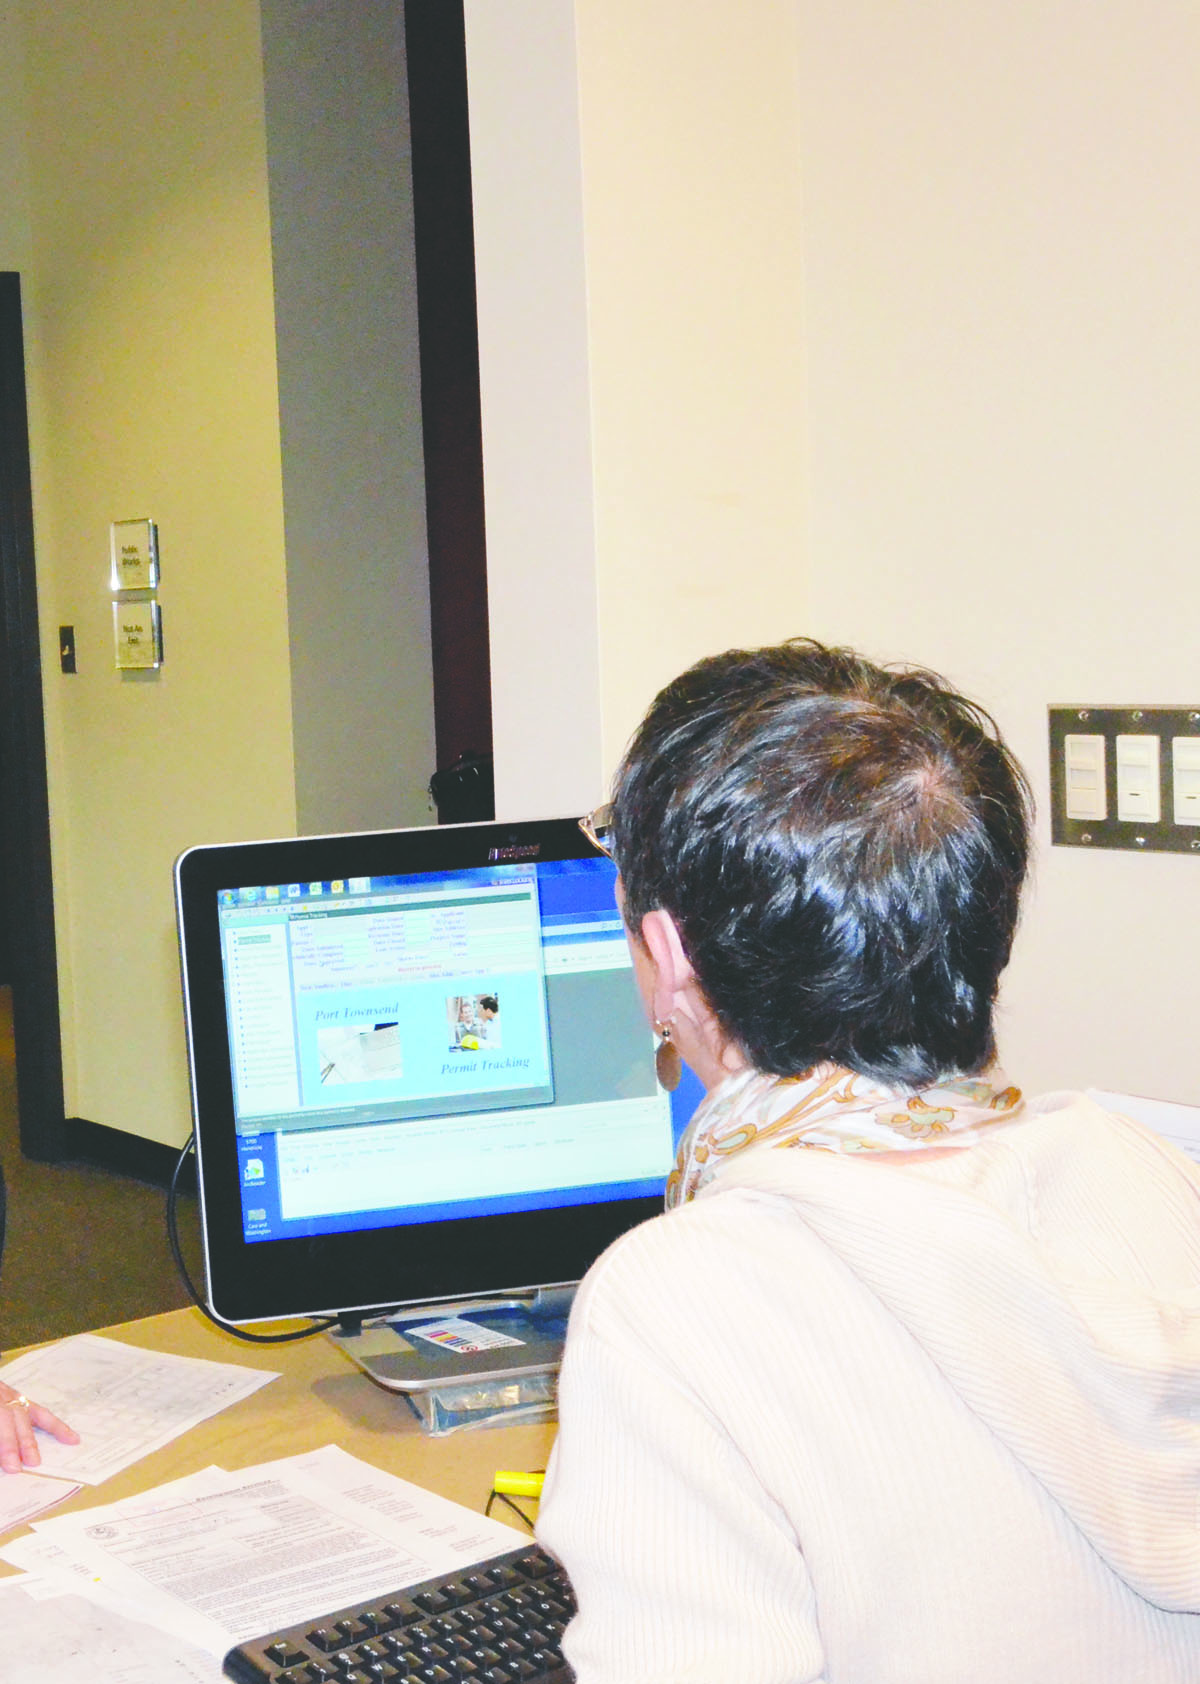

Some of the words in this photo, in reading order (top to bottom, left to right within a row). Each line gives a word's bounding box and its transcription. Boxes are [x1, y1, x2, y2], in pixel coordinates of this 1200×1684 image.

[315, 1007, 339, 1021] Port
[344, 1003, 399, 1018] Townsend
[440, 1060, 478, 1074] Permit
[482, 1056, 530, 1071] Tracking
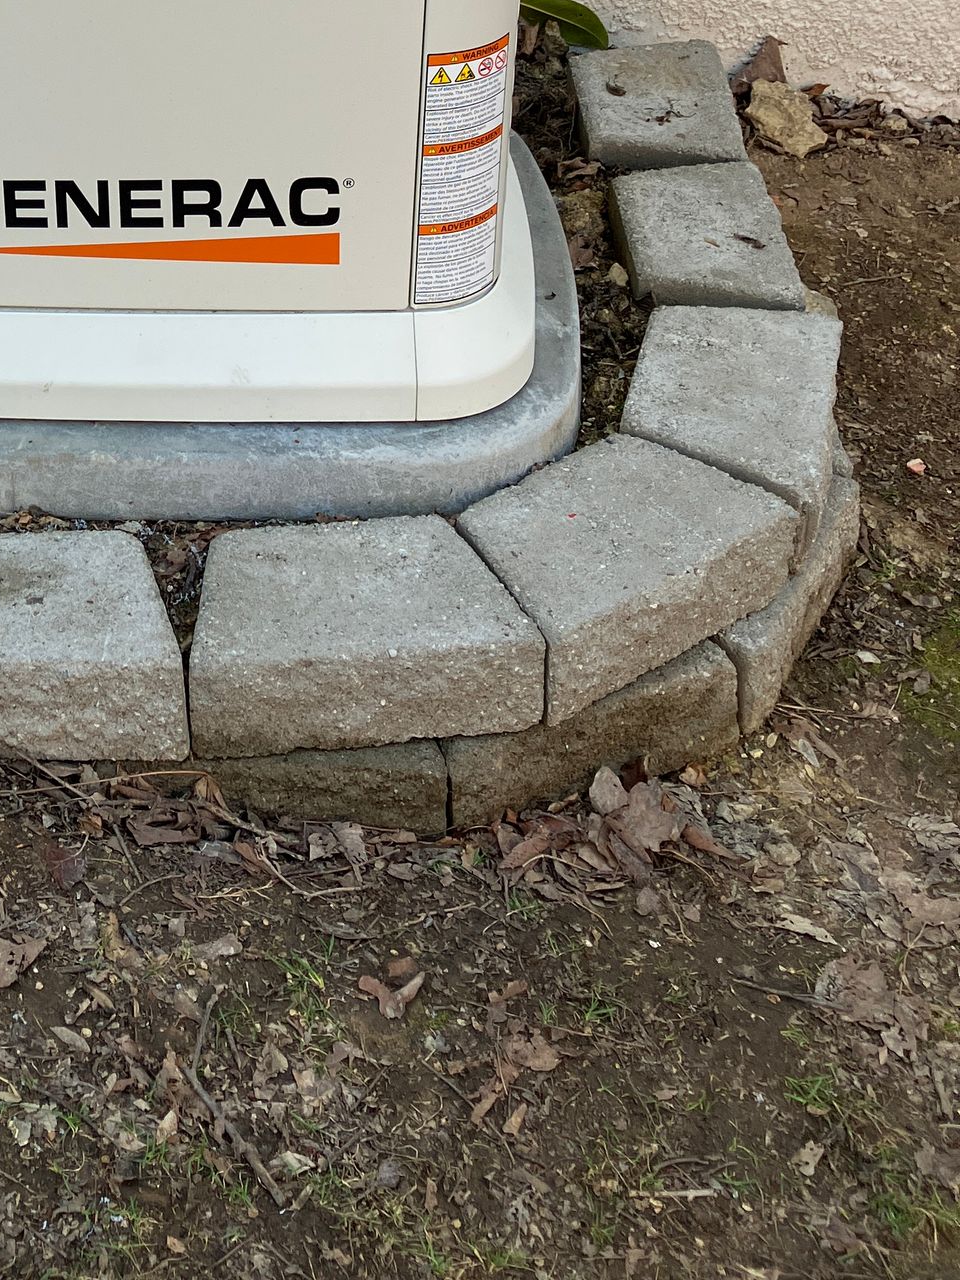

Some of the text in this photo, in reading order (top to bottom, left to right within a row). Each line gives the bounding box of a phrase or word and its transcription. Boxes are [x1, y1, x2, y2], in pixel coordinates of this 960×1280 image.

[462, 42, 499, 61] WARNING
[438, 129, 500, 153] AVERTISSEMENT
[440, 210, 494, 232] ADVERTENCIA

Requirement:
The result should be the listing above, restated exactly, with no pictures in it.

Written solution:
Some of the words in this photo, in reading order (top to bottom, left to right within a row). Each line gives a word's bounding box and its transcription. Boxes are [x1, y1, x2, y2], in pixel coordinates of this 1200×1684 image.

[315, 1007, 339, 1021] Port
[344, 1003, 399, 1018] Townsend
[440, 1060, 478, 1074] Permit
[482, 1056, 530, 1071] Tracking

Some of the text in this photo, in reading order (top to bottom, left to right within a row). Each line gives the bounding box of a phrase or word and its transcription. Boxes are [x1, y1, x2, y2], in pixel coordinates of this 960×1280 image.

[462, 42, 499, 61] WARNING
[438, 129, 500, 153] AVERTISSEMENT
[440, 210, 494, 232] ADVERTENCIA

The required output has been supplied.